Task statement | What you produce should be the lines from the line containing "this 1702×1276 image." through the last line below, both ends included, reproduced exactly and without pictures.

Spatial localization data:
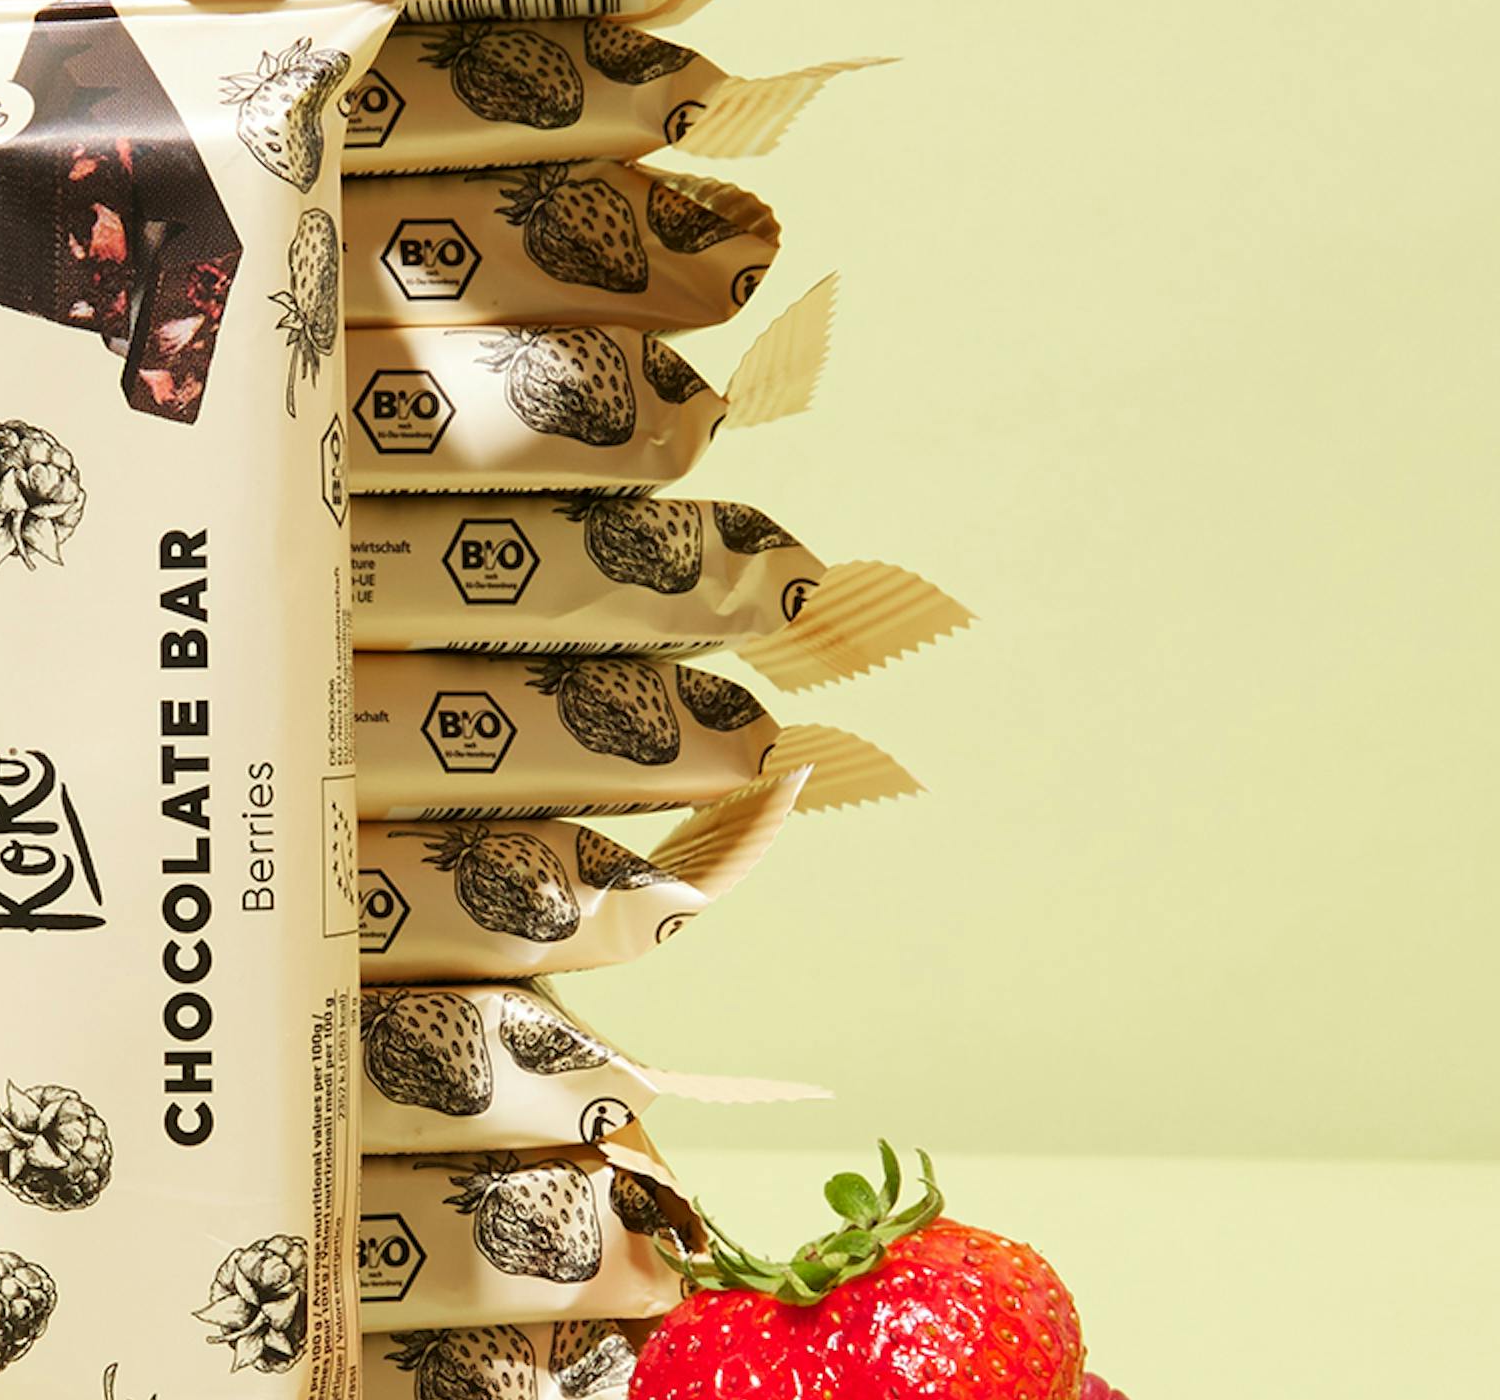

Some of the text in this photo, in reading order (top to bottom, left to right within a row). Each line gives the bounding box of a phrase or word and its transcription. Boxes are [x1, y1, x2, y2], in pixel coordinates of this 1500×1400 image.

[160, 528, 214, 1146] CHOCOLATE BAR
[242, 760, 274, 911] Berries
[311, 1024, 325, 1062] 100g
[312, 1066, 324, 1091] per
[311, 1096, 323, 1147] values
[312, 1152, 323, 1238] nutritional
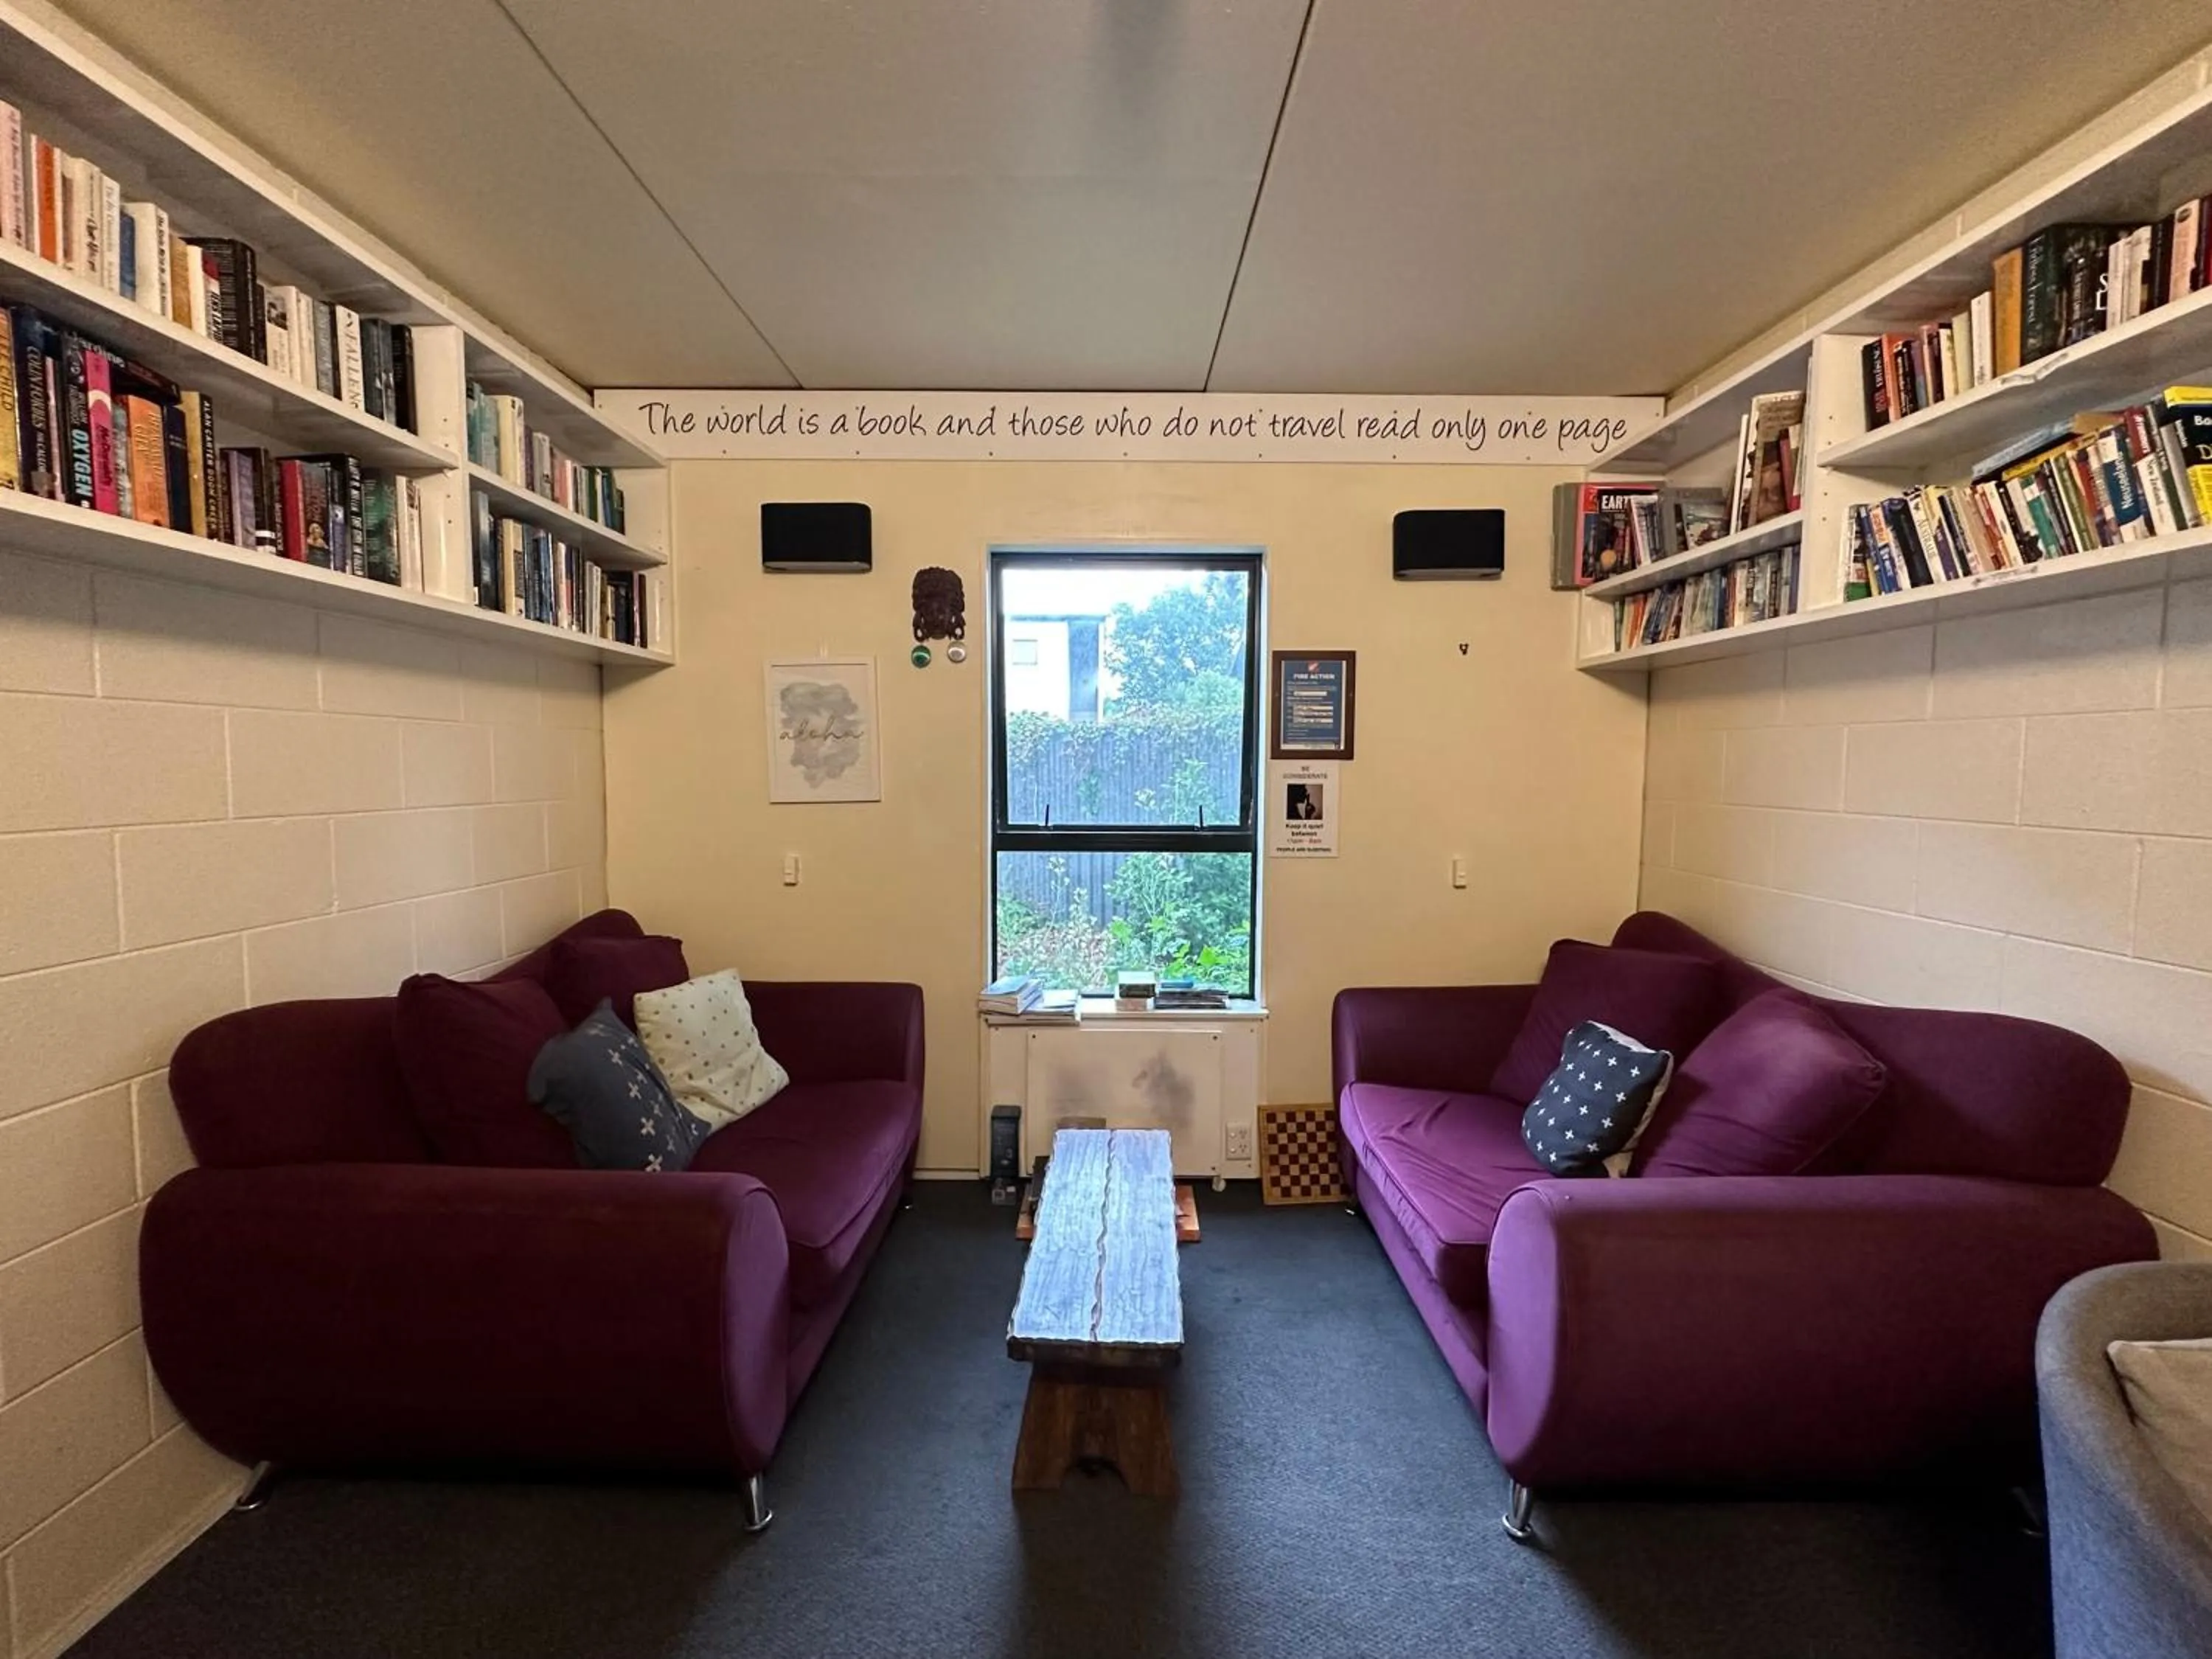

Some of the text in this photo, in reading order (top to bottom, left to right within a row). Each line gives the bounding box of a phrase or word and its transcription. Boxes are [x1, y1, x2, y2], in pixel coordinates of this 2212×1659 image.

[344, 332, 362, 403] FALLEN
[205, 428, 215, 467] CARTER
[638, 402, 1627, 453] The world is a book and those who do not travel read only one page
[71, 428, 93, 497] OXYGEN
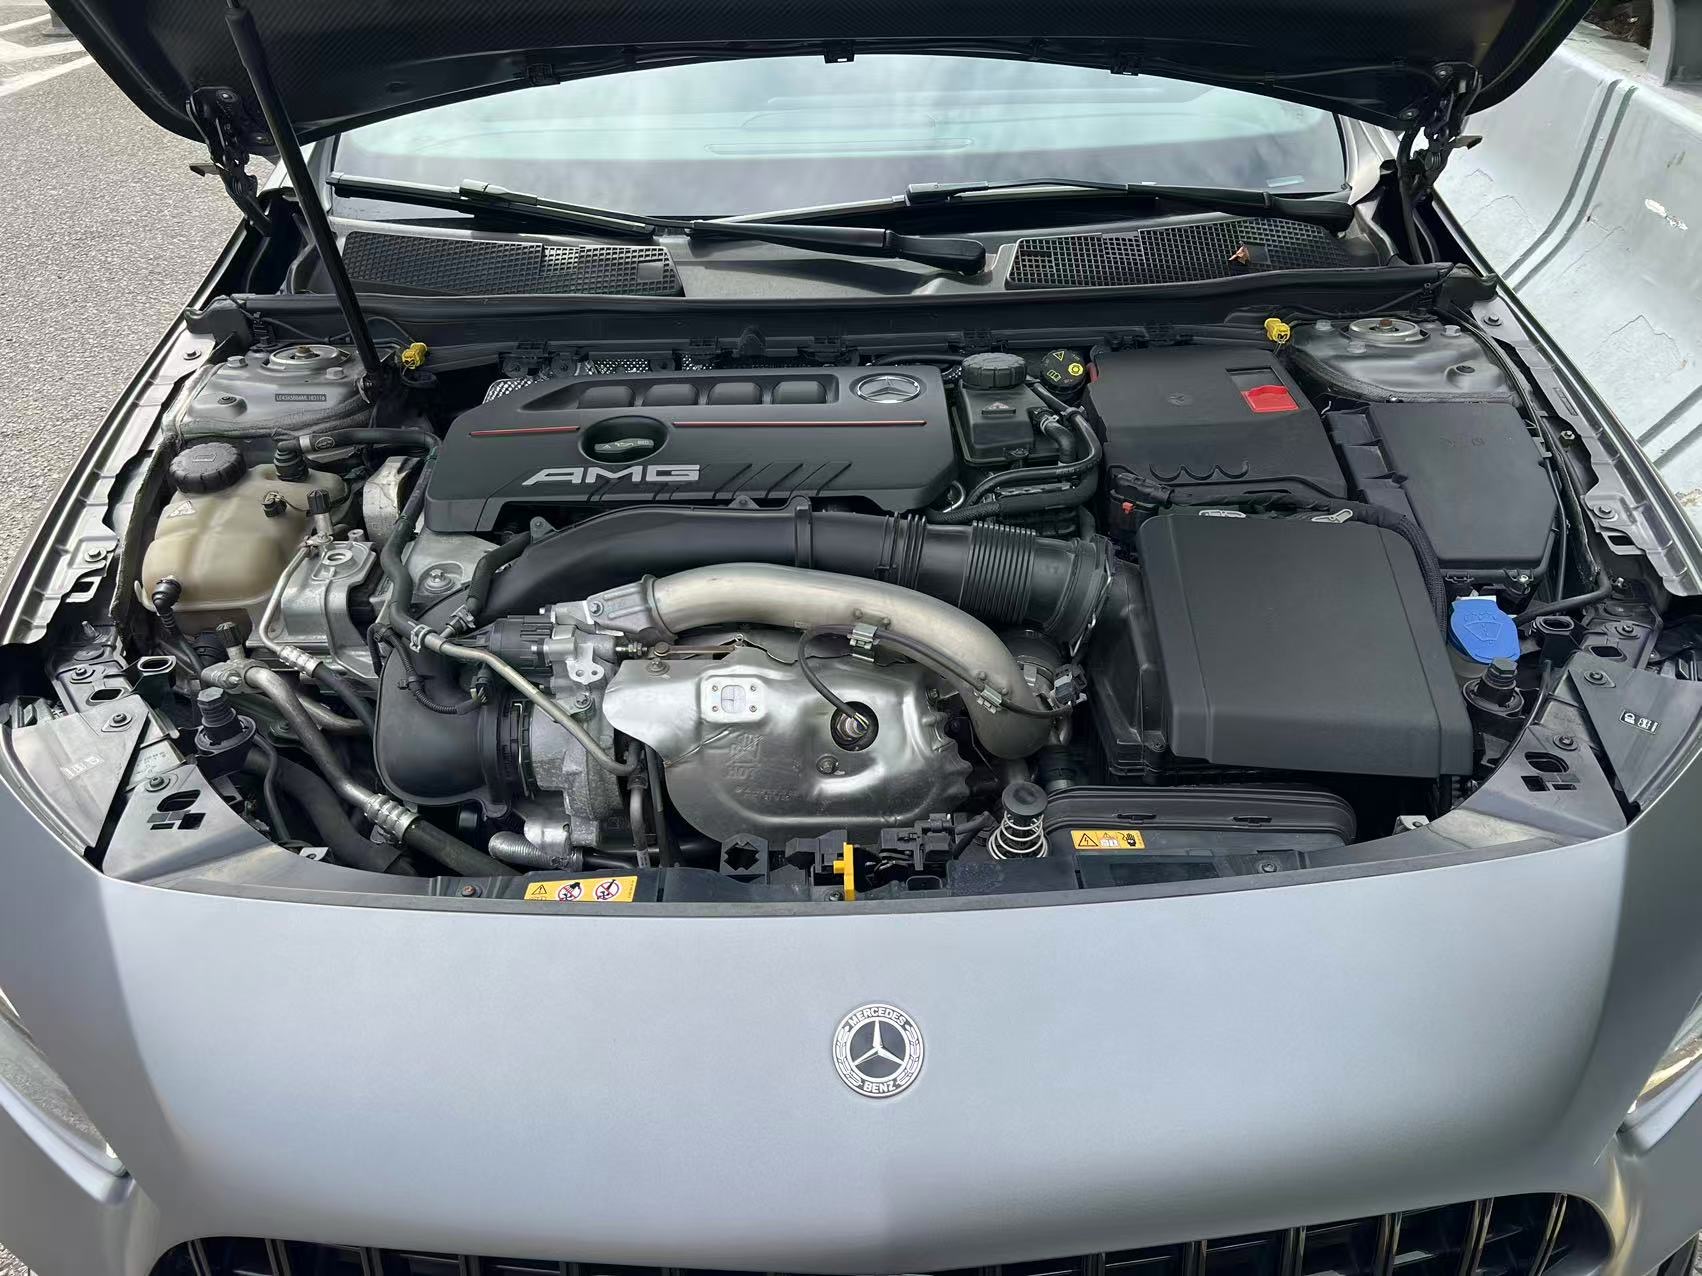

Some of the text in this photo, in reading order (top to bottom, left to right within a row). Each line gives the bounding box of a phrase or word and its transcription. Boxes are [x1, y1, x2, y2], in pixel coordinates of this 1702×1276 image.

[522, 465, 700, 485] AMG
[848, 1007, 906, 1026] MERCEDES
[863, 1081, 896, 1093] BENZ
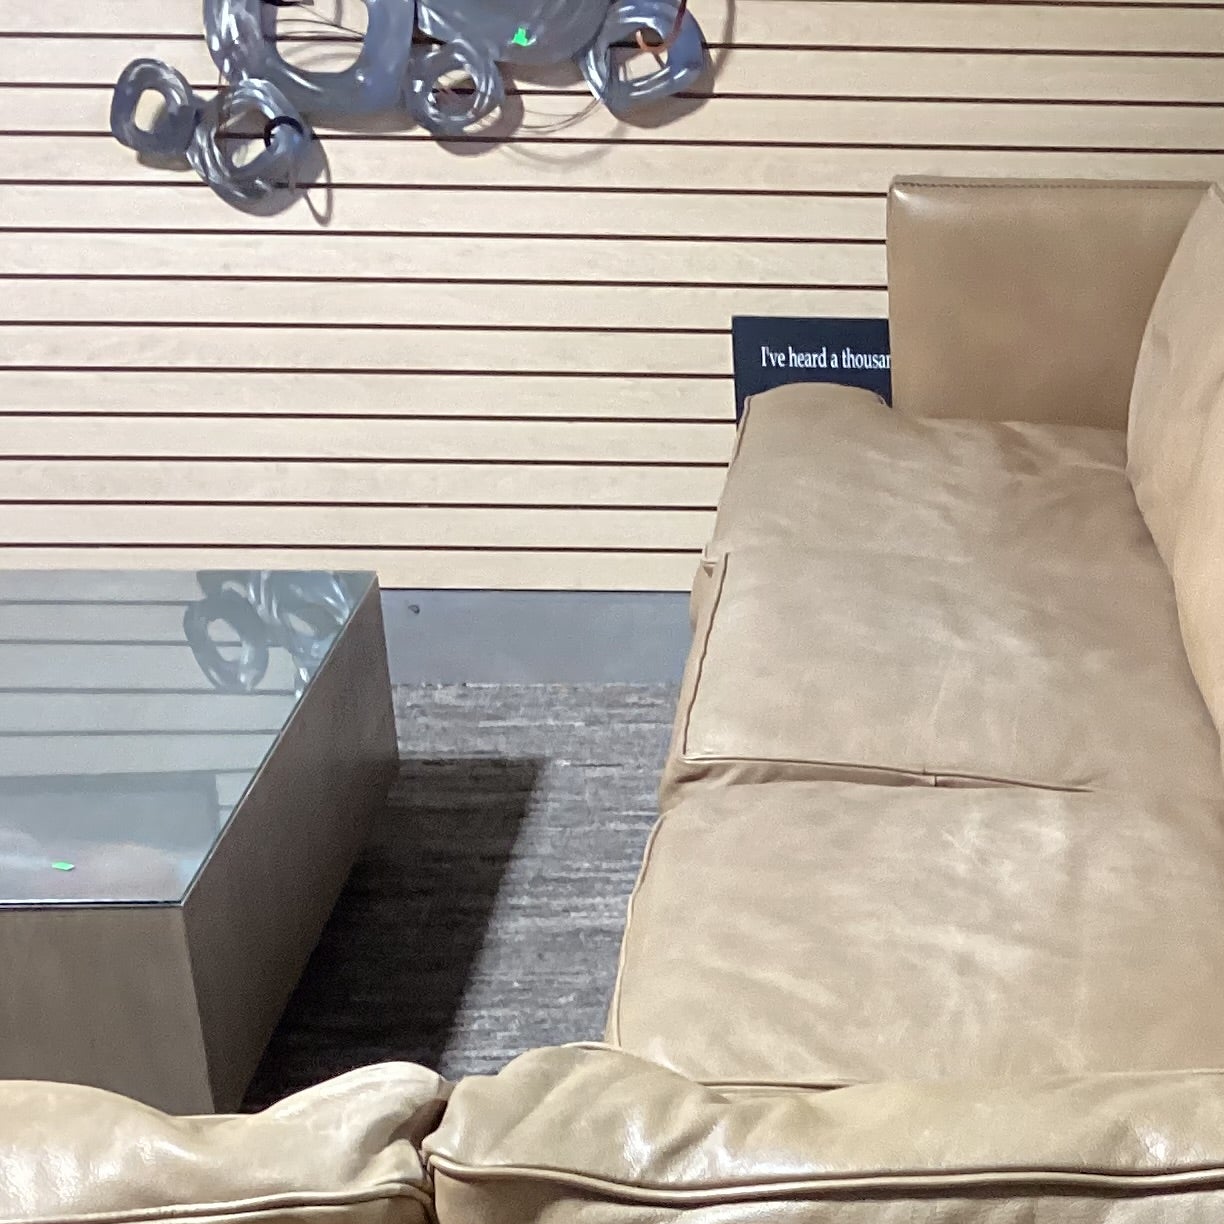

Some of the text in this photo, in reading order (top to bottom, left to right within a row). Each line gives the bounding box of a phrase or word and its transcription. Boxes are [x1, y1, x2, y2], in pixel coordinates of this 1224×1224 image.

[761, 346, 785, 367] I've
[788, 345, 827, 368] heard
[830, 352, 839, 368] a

Response |
Some of the text in this photo, in reading order (top to bottom, left to right within a row). Each line gives the bounding box of a phrase or word and its transcription. Boxes are [x1, y1, x2, y2], in pixel coordinates of this 1702×1276 image.

[522, 465, 700, 485] AMG
[848, 1007, 906, 1026] MERCEDES
[863, 1081, 896, 1093] BENZ

Some of the text in this photo, in reading order (top to bottom, left to right within a row). Each line gives the bounding box of a phrase or word and its transcription. Boxes are [x1, y1, x2, y2], in pixel coordinates of this 1224×1224 image.

[761, 346, 785, 367] I've
[788, 345, 827, 368] heard
[830, 352, 839, 368] a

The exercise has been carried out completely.